→ **What to work on**:
Transcribe the following entries letter for letter, without the pictures.

Saved data entries:

• • • • •

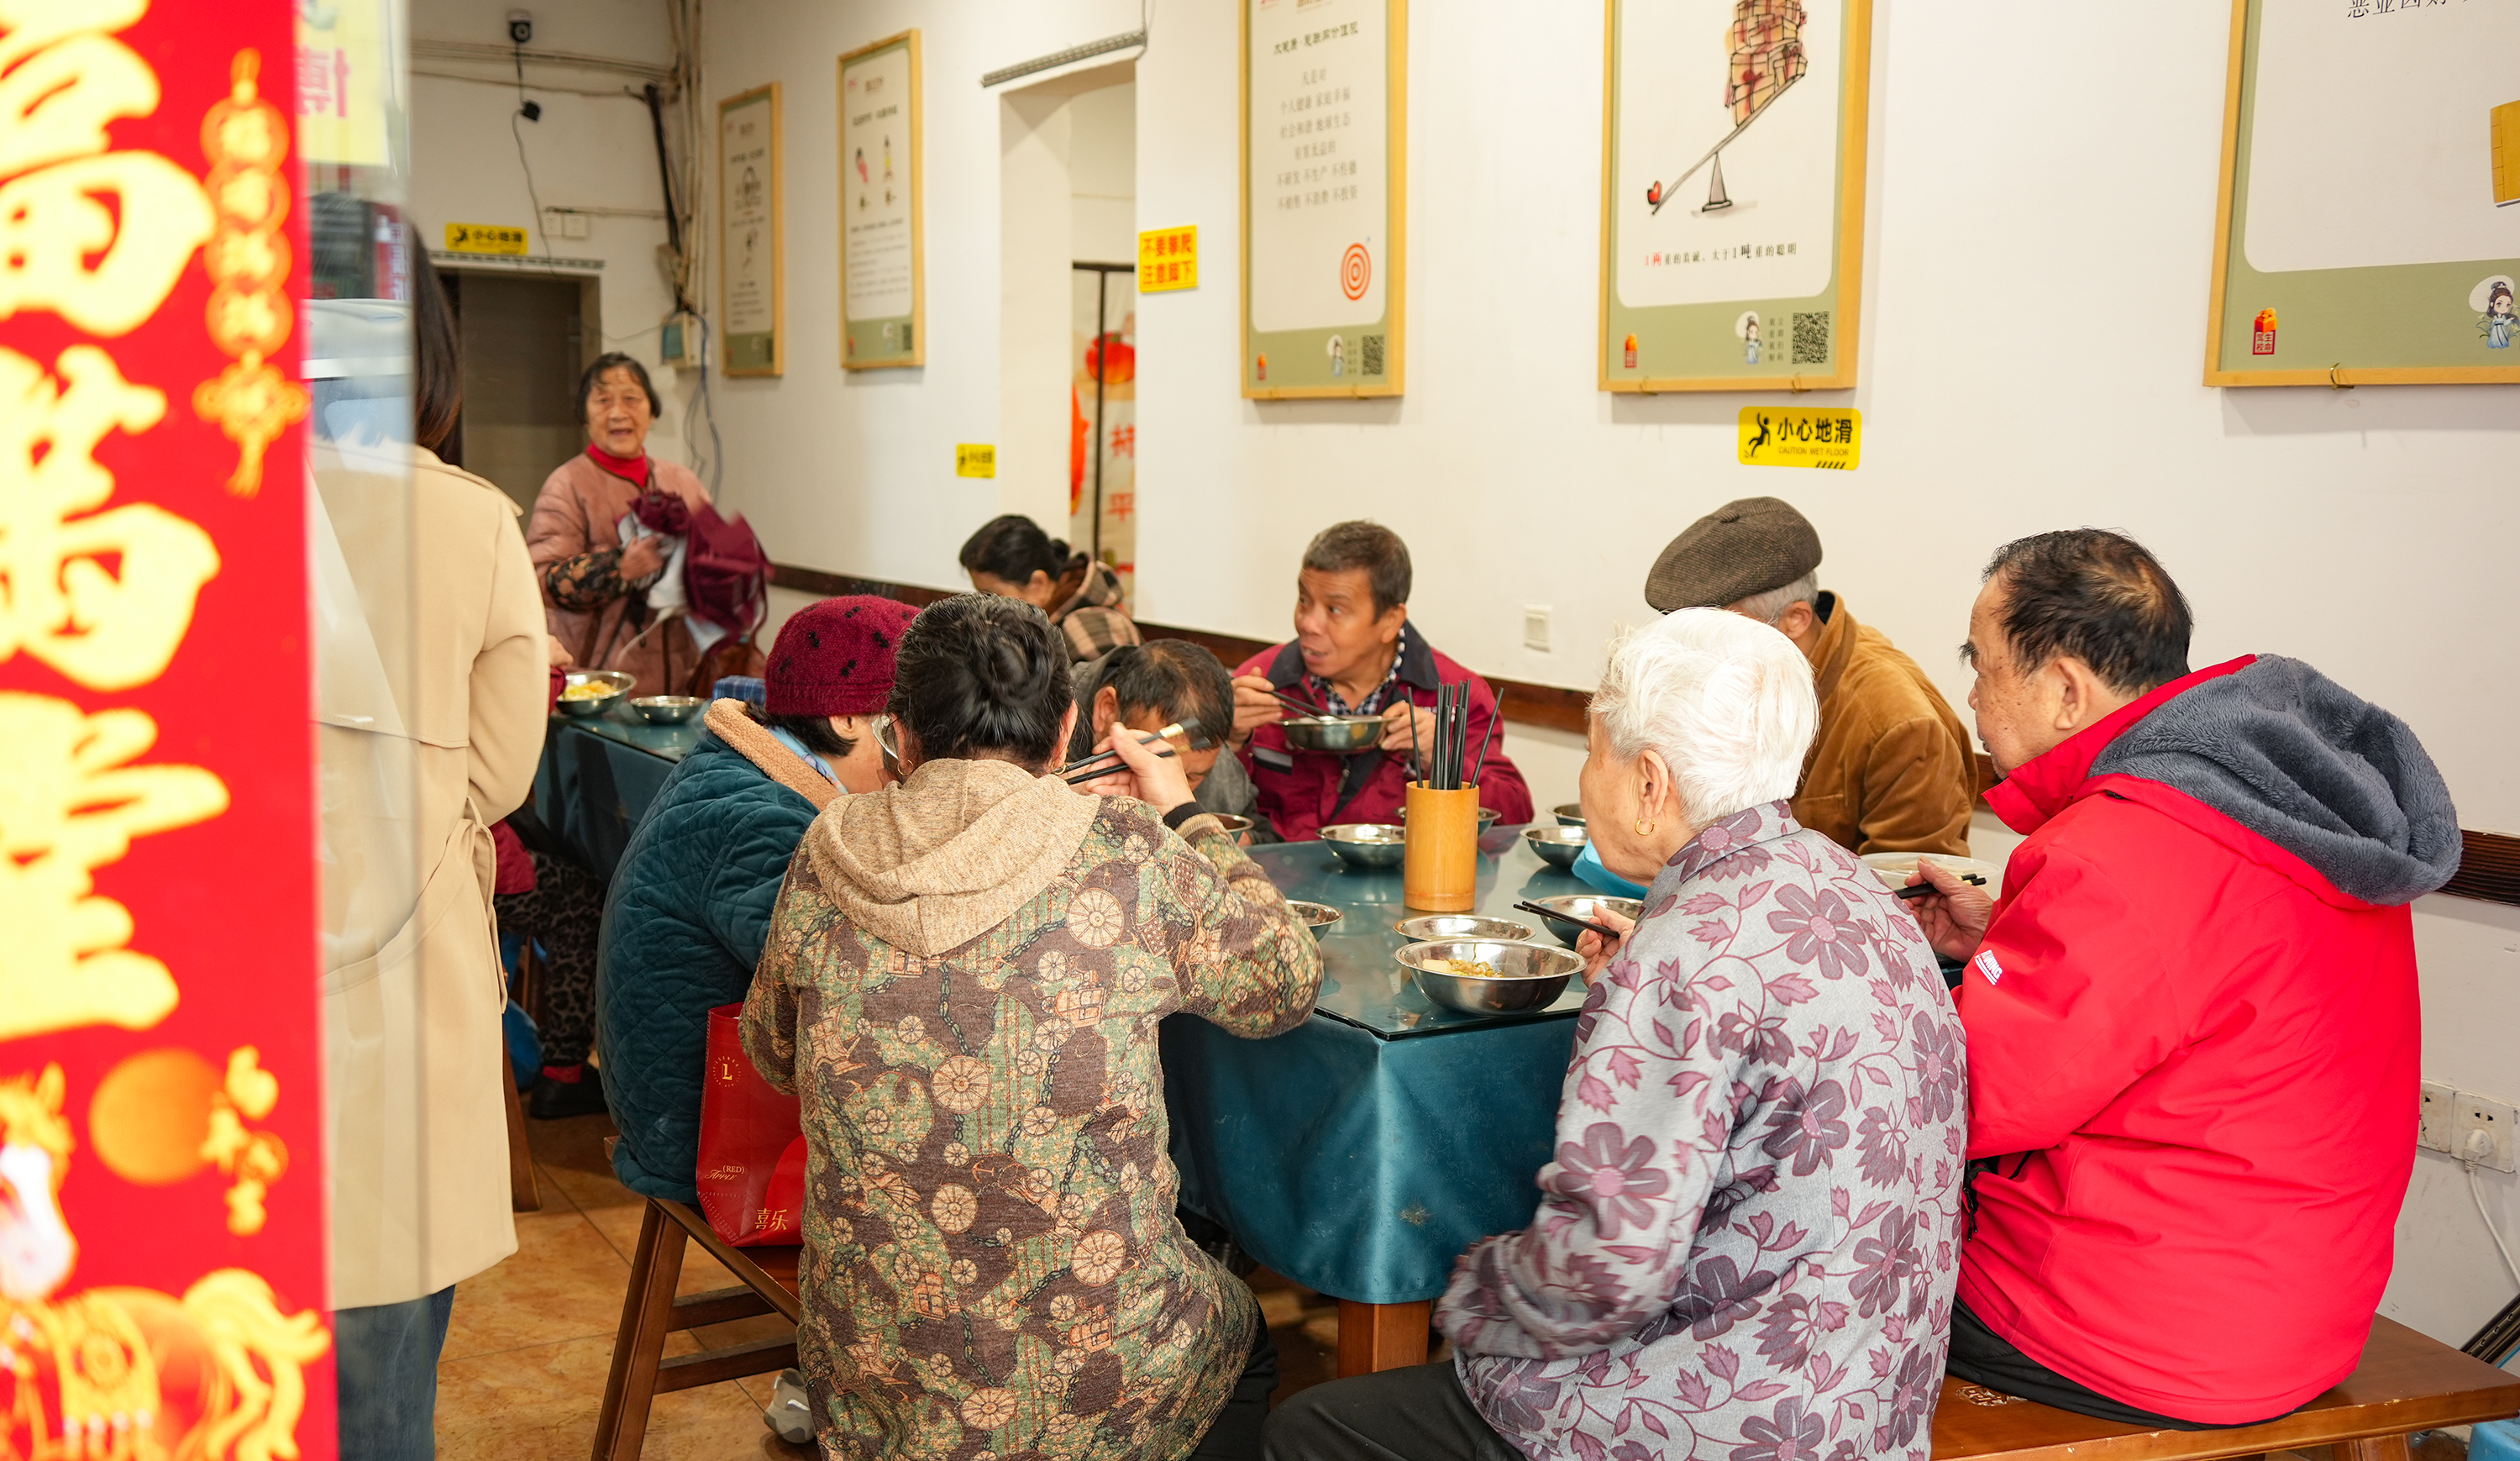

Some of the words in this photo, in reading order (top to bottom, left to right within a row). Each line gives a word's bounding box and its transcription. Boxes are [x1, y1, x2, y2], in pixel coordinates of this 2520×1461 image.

[1143, 260, 1192, 284] 注意脚下
[1777, 417, 1853, 444] 小心地滑
[1778, 446, 1808, 455] CAUTION
[1809, 447, 1824, 455] WET
[1826, 448, 1850, 456] FLOOR
[722, 1063, 732, 1080] L
[722, 1164, 745, 1175] (RED)
[754, 1207, 789, 1232] 喜乐

• • • • •

→ **Answer to this problem**:
Some of the words in this photo, in reading order (top to bottom, left to right within a row). Each line gives a word's bounding box and its transcription. Boxes are [x1, y1, x2, y2], in pixel coordinates of this 2520×1461 image.

[1143, 260, 1192, 284] 注意脚下
[1777, 417, 1853, 444] 小心地滑
[1778, 446, 1808, 455] CAUTION
[1809, 447, 1824, 455] WET
[1826, 448, 1850, 456] FLOOR
[722, 1063, 732, 1080] L
[722, 1164, 745, 1175] (RED)
[754, 1207, 789, 1232] 喜乐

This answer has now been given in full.